Keep to the lines from the one with "this 1280×1552 image." through the end of the data, and write them out exactly.

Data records
********

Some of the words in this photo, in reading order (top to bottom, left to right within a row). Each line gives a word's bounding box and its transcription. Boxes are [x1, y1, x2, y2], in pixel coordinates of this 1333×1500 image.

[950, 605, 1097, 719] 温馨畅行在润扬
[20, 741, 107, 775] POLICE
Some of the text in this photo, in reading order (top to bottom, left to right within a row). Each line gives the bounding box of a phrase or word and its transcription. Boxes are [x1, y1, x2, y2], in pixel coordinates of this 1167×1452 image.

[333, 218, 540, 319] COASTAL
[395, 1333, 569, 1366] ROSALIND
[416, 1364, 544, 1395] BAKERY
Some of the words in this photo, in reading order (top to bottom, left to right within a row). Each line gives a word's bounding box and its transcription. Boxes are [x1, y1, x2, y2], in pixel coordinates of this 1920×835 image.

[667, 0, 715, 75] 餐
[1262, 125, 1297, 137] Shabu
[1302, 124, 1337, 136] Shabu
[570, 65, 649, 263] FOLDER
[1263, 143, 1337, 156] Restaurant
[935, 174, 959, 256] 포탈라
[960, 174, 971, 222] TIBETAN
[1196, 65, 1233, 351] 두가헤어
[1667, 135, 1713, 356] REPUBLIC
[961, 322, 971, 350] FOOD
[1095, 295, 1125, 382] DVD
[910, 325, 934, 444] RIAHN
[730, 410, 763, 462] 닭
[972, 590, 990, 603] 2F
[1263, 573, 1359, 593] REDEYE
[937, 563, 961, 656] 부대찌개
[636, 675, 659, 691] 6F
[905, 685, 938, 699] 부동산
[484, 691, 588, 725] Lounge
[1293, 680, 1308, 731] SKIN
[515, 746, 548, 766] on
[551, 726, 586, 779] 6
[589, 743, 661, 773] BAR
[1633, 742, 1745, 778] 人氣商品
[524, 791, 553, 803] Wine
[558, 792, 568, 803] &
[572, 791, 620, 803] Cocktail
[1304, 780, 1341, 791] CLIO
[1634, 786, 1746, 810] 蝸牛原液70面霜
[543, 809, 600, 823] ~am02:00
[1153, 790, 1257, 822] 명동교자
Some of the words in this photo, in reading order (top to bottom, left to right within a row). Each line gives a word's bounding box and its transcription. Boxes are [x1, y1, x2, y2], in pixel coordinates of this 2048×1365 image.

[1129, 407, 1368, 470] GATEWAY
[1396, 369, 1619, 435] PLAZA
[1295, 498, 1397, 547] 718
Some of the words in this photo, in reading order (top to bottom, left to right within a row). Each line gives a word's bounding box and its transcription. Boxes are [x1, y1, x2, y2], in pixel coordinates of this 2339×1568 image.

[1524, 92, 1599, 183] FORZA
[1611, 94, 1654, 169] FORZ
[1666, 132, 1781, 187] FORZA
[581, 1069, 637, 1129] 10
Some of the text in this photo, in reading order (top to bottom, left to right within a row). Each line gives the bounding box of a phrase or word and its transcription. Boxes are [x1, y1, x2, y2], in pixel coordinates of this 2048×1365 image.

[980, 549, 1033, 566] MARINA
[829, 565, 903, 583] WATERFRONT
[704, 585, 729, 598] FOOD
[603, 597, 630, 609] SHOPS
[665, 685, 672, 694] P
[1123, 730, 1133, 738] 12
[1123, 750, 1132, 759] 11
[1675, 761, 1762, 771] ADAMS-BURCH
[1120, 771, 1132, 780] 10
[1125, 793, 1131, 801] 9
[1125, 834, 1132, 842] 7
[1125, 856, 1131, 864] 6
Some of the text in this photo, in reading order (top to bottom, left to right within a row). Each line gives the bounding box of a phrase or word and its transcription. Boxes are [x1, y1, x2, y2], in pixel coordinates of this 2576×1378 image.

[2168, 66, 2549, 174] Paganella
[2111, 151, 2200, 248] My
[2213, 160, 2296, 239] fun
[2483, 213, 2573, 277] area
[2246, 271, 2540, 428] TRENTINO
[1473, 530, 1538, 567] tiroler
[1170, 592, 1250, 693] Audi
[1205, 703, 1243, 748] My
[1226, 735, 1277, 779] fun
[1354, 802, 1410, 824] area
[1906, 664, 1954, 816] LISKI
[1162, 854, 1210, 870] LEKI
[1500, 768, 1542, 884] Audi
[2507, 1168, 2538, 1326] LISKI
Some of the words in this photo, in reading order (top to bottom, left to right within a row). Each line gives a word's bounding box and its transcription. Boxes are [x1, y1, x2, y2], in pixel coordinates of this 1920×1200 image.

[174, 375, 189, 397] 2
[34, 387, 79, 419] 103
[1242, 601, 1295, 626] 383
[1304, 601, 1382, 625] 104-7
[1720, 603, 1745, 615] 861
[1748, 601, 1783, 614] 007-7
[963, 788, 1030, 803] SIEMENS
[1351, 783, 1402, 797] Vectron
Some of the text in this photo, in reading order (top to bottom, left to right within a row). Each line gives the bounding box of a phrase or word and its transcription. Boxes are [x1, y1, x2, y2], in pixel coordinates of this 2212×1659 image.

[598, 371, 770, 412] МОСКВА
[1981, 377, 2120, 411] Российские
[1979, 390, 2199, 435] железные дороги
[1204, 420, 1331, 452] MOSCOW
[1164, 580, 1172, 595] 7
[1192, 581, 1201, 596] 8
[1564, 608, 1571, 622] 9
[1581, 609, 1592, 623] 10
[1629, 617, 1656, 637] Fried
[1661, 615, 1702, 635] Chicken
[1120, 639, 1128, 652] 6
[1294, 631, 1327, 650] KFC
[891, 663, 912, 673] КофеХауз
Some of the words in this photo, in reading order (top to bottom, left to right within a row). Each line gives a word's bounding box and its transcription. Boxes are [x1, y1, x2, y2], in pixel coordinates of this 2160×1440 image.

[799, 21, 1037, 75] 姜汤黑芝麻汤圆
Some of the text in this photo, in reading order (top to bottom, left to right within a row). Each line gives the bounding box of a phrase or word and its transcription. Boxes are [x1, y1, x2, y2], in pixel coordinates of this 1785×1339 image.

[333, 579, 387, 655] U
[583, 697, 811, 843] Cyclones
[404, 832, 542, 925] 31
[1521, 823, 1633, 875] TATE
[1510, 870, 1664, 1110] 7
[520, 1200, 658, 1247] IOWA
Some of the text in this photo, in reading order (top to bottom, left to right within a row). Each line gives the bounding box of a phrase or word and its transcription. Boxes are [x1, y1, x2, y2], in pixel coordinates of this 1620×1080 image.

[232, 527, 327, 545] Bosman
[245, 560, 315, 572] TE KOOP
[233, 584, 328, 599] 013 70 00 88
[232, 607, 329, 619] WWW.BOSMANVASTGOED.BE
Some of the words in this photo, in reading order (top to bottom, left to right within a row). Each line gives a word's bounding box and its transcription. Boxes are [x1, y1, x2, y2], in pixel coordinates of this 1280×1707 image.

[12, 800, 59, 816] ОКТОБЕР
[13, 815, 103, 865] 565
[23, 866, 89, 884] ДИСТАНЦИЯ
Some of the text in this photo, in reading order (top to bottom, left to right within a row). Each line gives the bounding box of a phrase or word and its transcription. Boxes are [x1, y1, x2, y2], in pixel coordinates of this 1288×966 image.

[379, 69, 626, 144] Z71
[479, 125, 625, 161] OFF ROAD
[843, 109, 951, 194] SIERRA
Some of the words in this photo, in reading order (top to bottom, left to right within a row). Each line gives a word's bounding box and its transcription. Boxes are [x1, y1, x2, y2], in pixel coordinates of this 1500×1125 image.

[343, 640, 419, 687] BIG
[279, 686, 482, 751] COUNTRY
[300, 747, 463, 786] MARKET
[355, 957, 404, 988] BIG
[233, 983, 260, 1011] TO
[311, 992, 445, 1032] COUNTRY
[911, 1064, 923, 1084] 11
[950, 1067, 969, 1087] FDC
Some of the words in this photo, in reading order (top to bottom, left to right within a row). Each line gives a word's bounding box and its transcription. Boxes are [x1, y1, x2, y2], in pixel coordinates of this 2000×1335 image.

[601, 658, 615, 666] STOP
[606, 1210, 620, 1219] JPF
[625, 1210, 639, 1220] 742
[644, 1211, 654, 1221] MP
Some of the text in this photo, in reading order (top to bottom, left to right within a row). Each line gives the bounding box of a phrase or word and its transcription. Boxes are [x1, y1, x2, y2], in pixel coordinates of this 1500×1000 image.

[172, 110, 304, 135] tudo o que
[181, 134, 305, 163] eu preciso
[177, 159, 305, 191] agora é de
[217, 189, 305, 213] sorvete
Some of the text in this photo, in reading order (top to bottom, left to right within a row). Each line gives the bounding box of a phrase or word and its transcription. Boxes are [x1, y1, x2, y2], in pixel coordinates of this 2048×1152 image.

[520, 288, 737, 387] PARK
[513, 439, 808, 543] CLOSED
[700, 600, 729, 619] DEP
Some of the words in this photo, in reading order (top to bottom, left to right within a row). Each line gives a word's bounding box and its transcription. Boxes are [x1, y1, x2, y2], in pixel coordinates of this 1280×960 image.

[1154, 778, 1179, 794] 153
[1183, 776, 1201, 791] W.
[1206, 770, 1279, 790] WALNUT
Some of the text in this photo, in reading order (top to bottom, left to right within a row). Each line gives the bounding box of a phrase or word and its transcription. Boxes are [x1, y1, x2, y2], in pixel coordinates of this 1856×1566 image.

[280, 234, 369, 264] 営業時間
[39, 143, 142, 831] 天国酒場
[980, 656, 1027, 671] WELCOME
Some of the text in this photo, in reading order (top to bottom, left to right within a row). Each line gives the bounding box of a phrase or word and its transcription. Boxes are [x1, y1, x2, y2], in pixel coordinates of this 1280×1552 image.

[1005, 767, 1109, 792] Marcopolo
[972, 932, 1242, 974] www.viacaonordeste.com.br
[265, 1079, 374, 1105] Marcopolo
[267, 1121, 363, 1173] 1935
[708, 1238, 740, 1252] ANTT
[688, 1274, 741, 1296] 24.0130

********

_Solution for this problem_
Some of the text in this photo, in reading order (top to bottom, left to right within a row). Each line gives the bounding box of a phrase or word and its transcription. Boxes are [x1, y1, x2, y2], in pixel coordinates of this 1280×1552 image.

[1005, 767, 1109, 792] Marcopolo
[972, 932, 1242, 974] www.viacaonordeste.com.br
[265, 1079, 374, 1105] Marcopolo
[267, 1121, 363, 1173] 1935
[708, 1238, 740, 1252] ANTT
[688, 1274, 741, 1296] 24.0130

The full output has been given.